I don't use metal type for several reasons - primarily because of the costs and storage that would be needed - so we won't be discussing that process here. However, below are a few links to other articles and a video if it is something you are interested in learning more about: 
For our Letterpress Baby I've opted to use an Aluminum Boxcar Base that we purchased from Boxcar Press. The Boxcar base allows us to create designs using Photoshop, save them as a Vector file using Illustrator and then having that design turned into a type of plate made with Polymer that will stick to the Boxcar base. The Polymer plate behaves the same way as the metal type and allows us to get the embossed impression on our cards.

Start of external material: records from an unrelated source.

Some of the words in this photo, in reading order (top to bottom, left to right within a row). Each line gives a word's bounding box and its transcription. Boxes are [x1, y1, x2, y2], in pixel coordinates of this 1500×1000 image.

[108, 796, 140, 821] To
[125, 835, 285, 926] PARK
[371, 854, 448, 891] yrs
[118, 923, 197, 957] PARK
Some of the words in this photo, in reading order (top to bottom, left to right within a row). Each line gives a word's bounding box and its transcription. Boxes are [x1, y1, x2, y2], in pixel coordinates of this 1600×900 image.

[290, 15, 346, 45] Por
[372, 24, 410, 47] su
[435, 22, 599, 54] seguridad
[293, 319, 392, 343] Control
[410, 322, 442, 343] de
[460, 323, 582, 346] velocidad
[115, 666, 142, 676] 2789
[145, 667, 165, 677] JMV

The Boxcar base we chose for our press was the Deep Relief Base. We laid the base into the Chase, which is an iron frame, and then place wooden blocks called "furniture" around the sides to hold it into place. Once we have it firmly held, we lock it in using a quoins. 

Once everything was set, we placed the Chase into the press. The next step was to setup the Tapan paper, gauge pins, and line up the Polymer Plate so it is ready for inking and printing - which will be the next segment in this series. 

Everything I've read about blogging says you shouldn't send people to another site - because what happens if they don't come back??? But, I think Boxcar has a great tutorial that provides a lot of good information and detail - so for your convenience, here is the link to that article which includes wonderful photos including images of Polymer Plates for those of you who are curious. 

Thanks for stopping by!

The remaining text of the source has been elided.